Los perros olfatean la tierra. Se muestran inquietos. Un trueno retumba a lo lejos. El aire trae consigo el olor a cobre de la lluvia y se levanta viento. Me alborota el cabello.
—Ella cree que el ala este está maldita, que atraerá a los muertos. Que alguien quiere que vengan.
—¿Quién? —pregunta.
—No lo sé. No he entendido lo que me ha dicho.
—Está muy enferma —explica Kartik—. Esta noche ha escuchado el grito de la lechuza; la precursora de la muerte.

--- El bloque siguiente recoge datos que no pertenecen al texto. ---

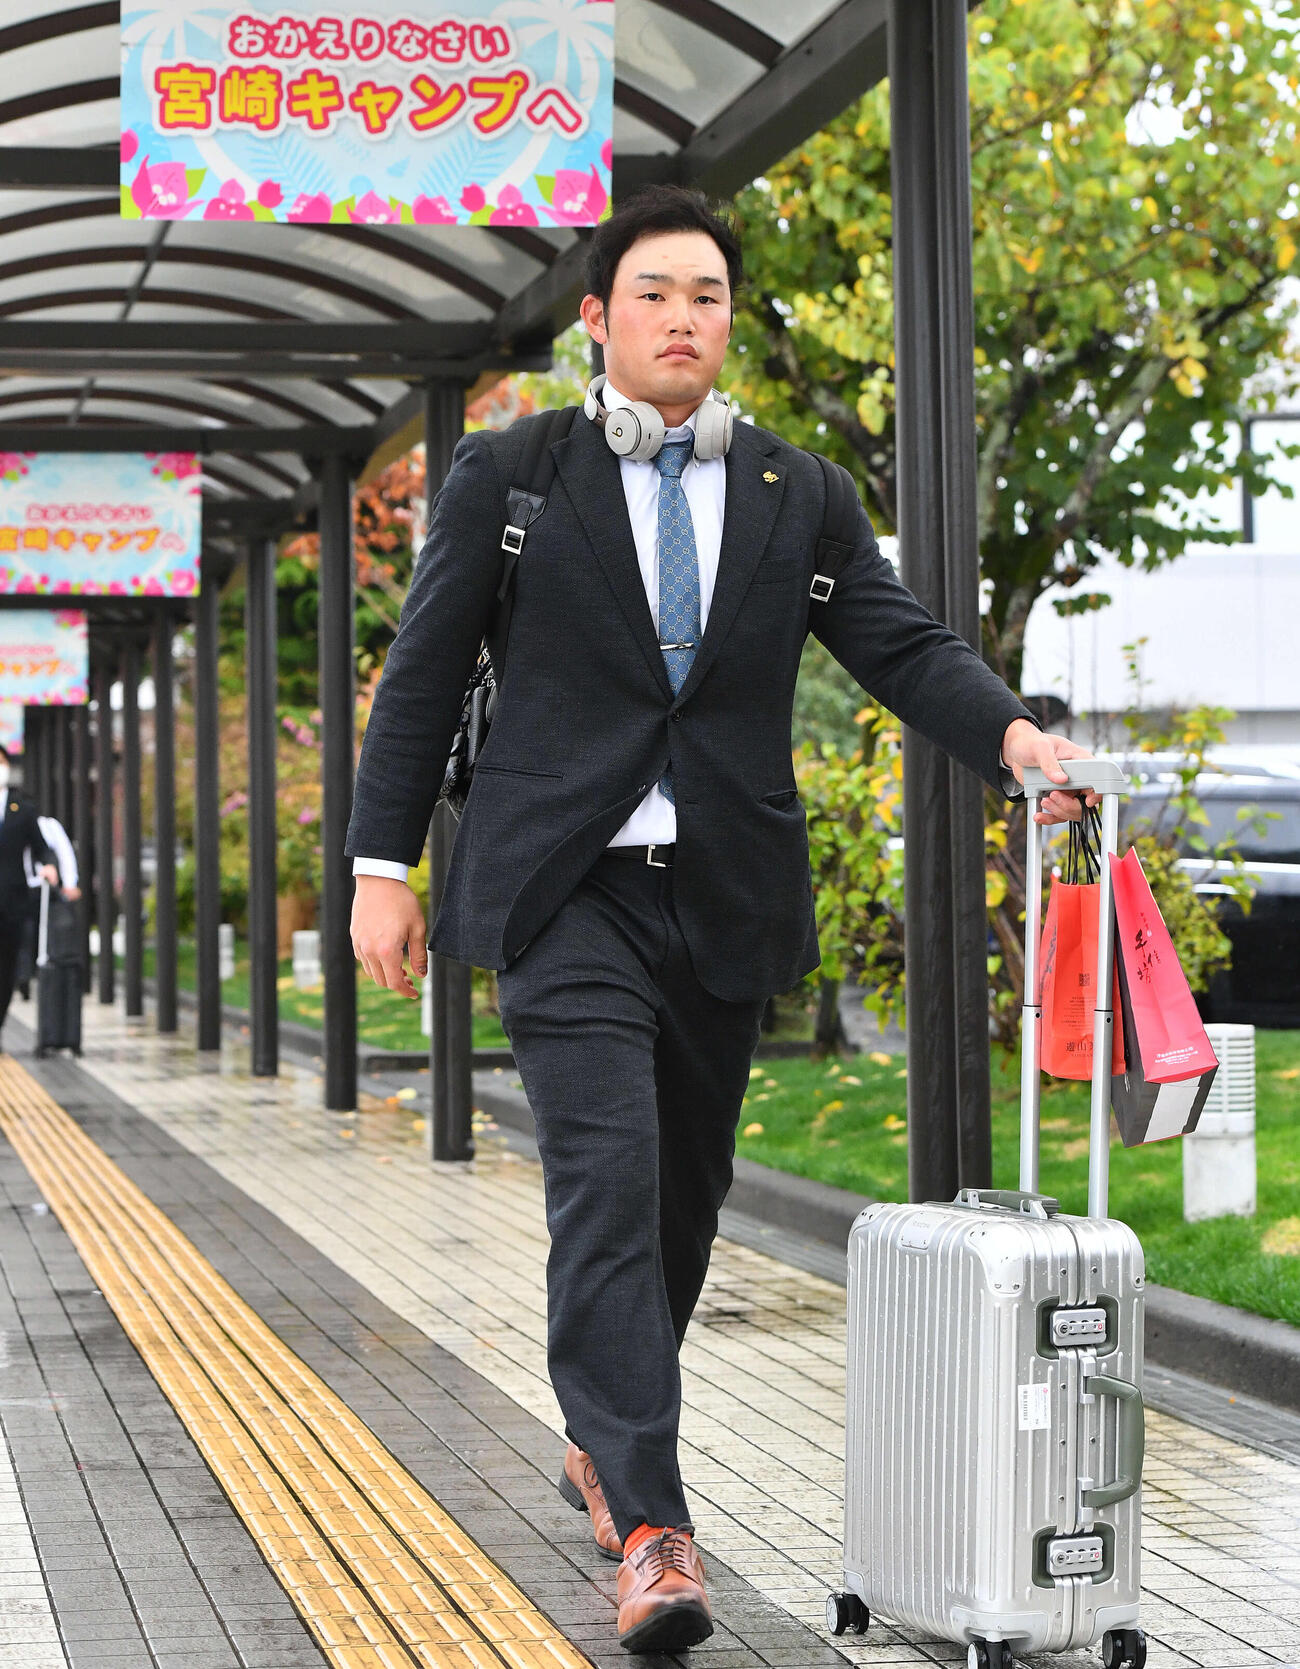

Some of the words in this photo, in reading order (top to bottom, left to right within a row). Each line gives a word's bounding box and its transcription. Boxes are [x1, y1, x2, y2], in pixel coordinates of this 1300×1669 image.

[228, 15, 511, 61] おかえりなさい
[155, 63, 583, 140] 宮崎キャンプへ
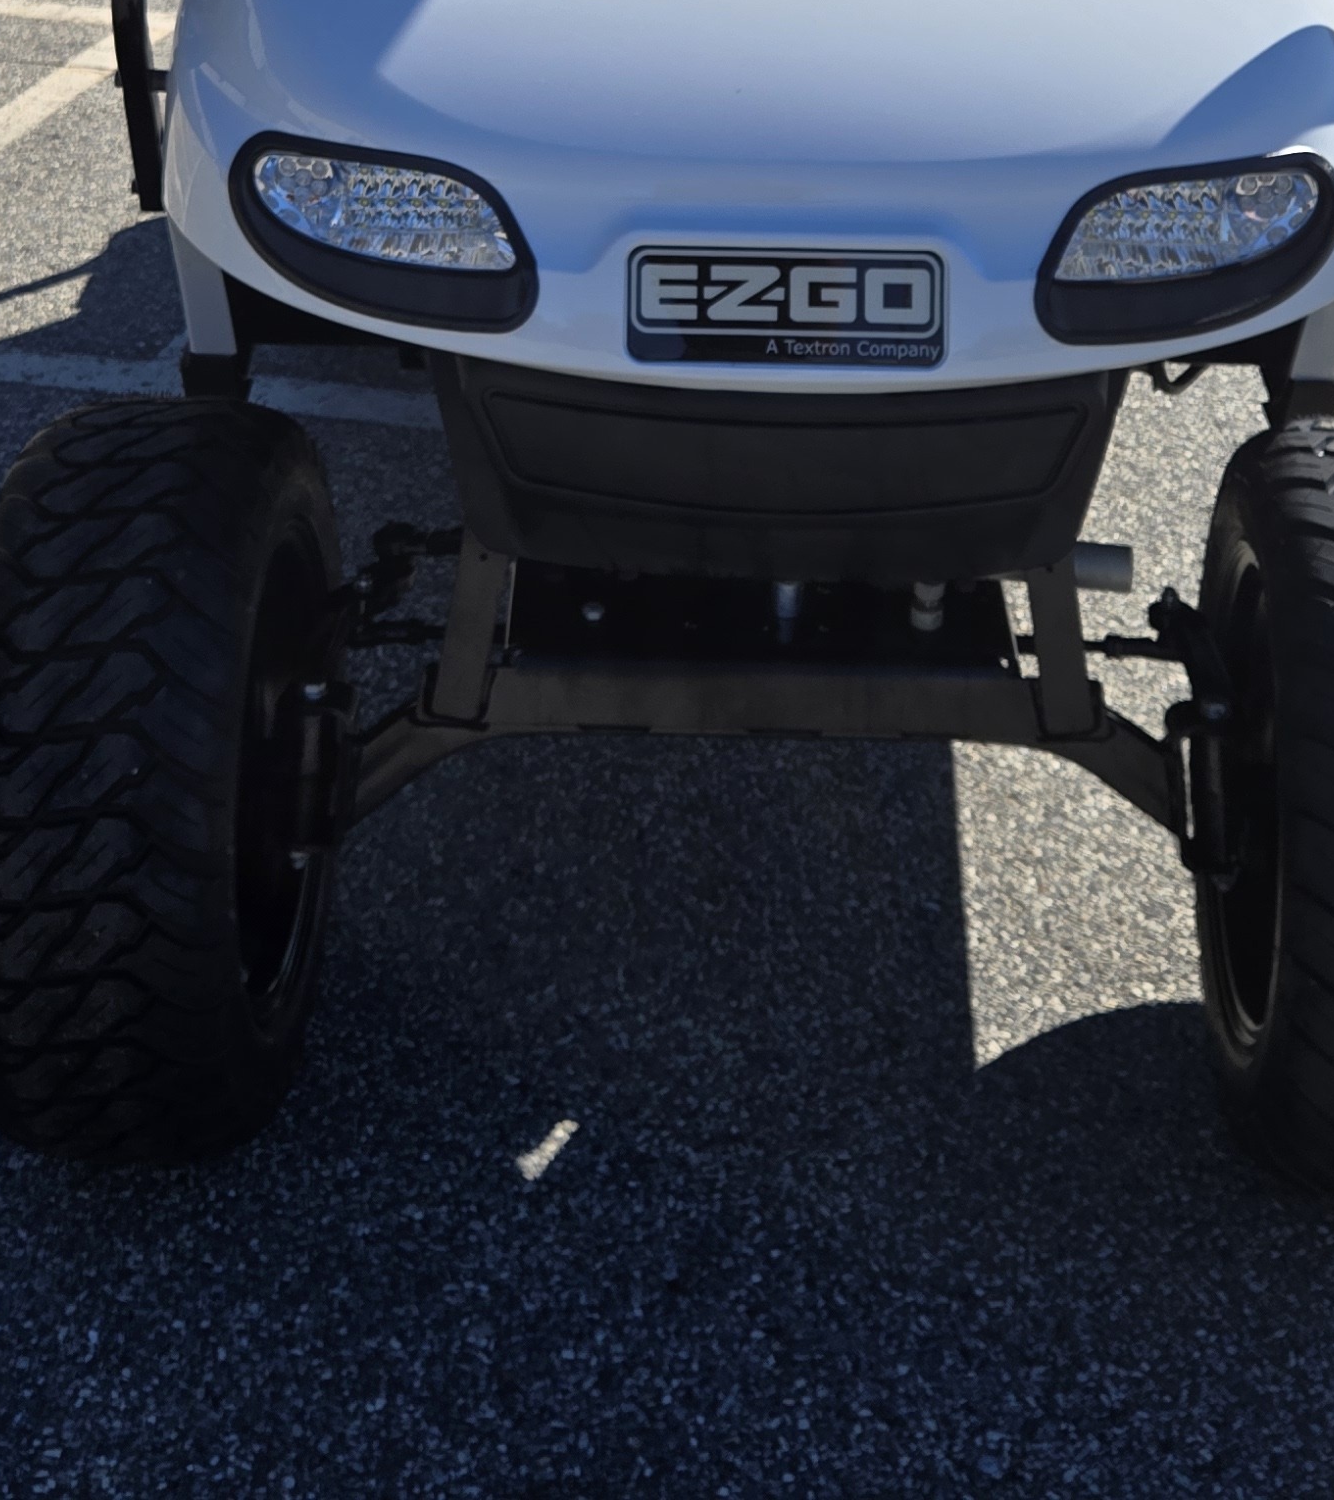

No llegará al verano.
—Lamento oír eso —digo.
Uno de los perros me pone las patas en mi falda y se estira para que lo acaricie. Le rasco suavemente detrás de las orejas y me lame la mano. Kartik acaricia el pelo del animal y nuestros dedos se tocan durante unos instantes. Un chispazo me atraviesa el cuerpo.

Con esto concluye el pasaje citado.